### DATA EXTRACTS
%%

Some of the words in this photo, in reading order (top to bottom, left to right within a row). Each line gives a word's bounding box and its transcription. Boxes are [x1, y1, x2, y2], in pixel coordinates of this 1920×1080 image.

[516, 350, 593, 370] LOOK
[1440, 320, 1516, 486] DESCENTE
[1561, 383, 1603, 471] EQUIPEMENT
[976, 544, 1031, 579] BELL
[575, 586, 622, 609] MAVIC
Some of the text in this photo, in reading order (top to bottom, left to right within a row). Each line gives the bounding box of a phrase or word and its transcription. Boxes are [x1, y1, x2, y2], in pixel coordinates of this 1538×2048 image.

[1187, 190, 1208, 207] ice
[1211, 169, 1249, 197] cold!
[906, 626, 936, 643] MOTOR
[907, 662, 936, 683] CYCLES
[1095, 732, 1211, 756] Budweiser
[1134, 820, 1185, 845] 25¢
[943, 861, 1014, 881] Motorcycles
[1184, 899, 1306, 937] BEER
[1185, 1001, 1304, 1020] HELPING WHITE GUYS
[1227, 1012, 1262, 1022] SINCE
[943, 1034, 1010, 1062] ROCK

%%

Reproduce every record above exactly as it appears.

### ANSWER FOR THIS EXERCISE
Some of the words in this photo, in reading order (top to bottom, left to right within a row). Each line gives a word's bounding box and its transcription. Boxes are [x1, y1, x2, y2], in pixel coordinates of this 1920×1080 image.

[516, 350, 593, 370] LOOK
[1440, 320, 1516, 486] DESCENTE
[1561, 383, 1603, 471] EQUIPEMENT
[976, 544, 1031, 579] BELL
[575, 586, 622, 609] MAVIC
Some of the text in this photo, in reading order (top to bottom, left to right within a row). Each line gives the bounding box of a phrase or word and its transcription. Boxes are [x1, y1, x2, y2], in pixel coordinates of this 1538×2048 image.

[1187, 190, 1208, 207] ice
[1211, 169, 1249, 197] cold!
[906, 626, 936, 643] MOTOR
[907, 662, 936, 683] CYCLES
[1095, 732, 1211, 756] Budweiser
[1134, 820, 1185, 845] 25¢
[943, 861, 1014, 881] Motorcycles
[1184, 899, 1306, 937] BEER
[1185, 1001, 1304, 1020] HELPING WHITE GUYS
[1227, 1012, 1262, 1022] SINCE
[943, 1034, 1010, 1062] ROCK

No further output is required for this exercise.